What you have to do.
Please repeat, exactly and with nothing extra, the line containing "this 1600×900 image." and every line after it up to the end of the material.

--- START ---

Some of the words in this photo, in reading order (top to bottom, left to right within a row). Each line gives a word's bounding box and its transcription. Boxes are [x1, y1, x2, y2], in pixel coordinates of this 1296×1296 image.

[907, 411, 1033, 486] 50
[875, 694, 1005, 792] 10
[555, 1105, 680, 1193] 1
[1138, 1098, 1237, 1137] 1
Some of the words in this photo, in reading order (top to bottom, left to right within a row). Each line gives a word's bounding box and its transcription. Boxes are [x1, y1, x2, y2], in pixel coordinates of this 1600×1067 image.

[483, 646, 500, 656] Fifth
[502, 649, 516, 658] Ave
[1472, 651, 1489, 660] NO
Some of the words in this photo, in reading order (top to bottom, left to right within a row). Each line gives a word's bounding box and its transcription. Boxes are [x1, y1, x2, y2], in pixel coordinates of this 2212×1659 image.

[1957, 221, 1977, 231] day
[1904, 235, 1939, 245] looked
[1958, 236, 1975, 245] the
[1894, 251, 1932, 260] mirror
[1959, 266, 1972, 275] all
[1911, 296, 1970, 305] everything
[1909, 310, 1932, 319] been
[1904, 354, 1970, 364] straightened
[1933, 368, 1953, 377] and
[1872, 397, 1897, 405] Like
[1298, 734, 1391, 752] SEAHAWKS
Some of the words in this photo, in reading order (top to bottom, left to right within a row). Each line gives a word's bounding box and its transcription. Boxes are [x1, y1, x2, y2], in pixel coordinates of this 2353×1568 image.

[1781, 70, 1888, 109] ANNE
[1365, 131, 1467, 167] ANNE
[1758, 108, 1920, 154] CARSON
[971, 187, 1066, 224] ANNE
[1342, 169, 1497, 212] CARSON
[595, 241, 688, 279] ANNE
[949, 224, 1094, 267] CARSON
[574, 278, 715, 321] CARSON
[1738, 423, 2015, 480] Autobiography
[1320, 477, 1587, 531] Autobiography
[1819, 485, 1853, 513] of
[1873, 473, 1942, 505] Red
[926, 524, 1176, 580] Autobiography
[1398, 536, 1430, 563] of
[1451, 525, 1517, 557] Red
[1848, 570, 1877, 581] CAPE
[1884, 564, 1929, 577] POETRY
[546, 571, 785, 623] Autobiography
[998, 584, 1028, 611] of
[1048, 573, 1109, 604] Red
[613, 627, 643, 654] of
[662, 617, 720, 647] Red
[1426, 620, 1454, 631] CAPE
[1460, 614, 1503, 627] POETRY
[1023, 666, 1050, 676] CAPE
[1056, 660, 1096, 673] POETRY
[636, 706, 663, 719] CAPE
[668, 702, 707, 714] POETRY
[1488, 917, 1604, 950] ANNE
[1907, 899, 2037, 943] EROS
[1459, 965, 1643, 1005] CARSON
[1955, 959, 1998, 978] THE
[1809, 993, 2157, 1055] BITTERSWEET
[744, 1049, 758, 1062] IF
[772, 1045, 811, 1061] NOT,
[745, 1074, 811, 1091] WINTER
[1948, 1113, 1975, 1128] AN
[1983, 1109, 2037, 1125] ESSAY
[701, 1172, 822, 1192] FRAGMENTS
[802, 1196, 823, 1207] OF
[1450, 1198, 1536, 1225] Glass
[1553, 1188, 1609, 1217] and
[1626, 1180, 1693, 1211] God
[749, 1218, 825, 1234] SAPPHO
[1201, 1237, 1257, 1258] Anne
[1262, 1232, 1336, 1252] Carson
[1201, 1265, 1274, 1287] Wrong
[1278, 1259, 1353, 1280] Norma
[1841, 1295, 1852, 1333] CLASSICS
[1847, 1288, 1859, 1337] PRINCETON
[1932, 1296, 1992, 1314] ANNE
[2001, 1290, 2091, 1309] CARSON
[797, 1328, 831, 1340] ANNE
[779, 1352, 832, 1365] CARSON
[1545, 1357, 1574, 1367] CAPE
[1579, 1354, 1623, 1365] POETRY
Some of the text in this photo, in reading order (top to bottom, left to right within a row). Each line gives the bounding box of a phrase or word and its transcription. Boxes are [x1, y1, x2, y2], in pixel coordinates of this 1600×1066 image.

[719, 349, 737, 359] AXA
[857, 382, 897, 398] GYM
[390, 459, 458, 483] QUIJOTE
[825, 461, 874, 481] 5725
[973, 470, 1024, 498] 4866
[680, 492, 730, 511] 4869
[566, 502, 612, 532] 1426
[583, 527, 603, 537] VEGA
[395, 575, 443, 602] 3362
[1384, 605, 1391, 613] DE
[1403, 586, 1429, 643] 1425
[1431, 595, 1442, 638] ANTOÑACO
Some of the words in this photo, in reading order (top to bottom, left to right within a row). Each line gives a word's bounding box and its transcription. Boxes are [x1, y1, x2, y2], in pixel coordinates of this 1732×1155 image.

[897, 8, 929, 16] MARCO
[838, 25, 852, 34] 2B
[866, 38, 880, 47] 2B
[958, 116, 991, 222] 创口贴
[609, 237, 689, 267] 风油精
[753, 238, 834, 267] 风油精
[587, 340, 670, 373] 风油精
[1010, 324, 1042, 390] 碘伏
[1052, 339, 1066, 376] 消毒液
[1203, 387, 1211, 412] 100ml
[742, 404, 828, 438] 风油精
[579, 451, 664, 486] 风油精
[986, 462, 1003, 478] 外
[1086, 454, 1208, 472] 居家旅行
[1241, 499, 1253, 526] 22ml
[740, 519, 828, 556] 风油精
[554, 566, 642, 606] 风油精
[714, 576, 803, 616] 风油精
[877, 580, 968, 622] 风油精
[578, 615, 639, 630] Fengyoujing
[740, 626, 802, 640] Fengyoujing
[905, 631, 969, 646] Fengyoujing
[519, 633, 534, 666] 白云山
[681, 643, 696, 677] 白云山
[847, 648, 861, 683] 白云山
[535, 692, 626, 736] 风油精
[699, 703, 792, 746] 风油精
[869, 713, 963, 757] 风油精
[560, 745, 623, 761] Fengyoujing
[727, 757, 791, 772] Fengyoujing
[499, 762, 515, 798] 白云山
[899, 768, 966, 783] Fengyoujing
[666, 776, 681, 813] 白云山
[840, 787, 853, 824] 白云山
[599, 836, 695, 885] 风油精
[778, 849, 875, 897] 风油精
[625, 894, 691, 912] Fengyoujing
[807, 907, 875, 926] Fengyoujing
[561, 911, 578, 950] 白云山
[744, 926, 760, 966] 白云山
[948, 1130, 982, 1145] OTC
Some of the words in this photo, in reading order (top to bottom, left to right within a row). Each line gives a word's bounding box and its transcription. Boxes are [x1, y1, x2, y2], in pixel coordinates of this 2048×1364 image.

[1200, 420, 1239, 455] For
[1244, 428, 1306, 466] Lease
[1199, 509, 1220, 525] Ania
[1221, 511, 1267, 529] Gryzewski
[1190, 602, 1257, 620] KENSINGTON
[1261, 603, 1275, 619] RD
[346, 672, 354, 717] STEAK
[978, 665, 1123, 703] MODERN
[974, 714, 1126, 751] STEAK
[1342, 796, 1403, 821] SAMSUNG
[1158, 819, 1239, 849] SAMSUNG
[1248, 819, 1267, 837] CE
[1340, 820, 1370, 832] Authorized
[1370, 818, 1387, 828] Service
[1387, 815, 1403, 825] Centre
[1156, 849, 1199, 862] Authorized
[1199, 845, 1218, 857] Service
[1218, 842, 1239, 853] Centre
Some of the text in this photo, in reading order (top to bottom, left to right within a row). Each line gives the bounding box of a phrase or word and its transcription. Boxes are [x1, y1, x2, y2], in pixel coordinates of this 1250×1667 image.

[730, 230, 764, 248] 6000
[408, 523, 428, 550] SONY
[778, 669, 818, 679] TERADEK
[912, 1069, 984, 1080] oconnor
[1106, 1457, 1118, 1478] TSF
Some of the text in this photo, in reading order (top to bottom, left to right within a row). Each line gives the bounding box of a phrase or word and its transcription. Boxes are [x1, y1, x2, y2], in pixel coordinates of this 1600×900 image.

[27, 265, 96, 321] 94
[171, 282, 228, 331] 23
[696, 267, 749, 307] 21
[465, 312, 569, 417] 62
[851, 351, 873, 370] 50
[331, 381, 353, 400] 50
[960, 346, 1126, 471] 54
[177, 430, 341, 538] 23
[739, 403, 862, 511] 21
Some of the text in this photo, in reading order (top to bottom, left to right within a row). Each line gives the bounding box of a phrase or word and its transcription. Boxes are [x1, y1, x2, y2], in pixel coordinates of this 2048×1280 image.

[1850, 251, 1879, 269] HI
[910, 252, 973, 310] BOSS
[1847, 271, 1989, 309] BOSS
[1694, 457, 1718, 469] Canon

--- END ---

Exercise output.
Some of the text in this photo, in reading order (top to bottom, left to right within a row). Each line gives the bounding box of a phrase or word and its transcription. Boxes are [x1, y1, x2, y2], in pixel coordinates of this 1600×900 image.

[27, 265, 96, 321] 94
[171, 282, 228, 331] 23
[696, 267, 749, 307] 21
[465, 312, 569, 417] 62
[851, 351, 873, 370] 50
[331, 381, 353, 400] 50
[960, 346, 1126, 471] 54
[177, 430, 341, 538] 23
[739, 403, 862, 511] 21
Some of the text in this photo, in reading order (top to bottom, left to right within a row). Each line gives the bounding box of a phrase or word and its transcription. Boxes are [x1, y1, x2, y2], in pixel coordinates of this 2048×1280 image.

[1850, 251, 1879, 269] HI
[910, 252, 973, 310] BOSS
[1847, 271, 1989, 309] BOSS
[1694, 457, 1718, 469] Canon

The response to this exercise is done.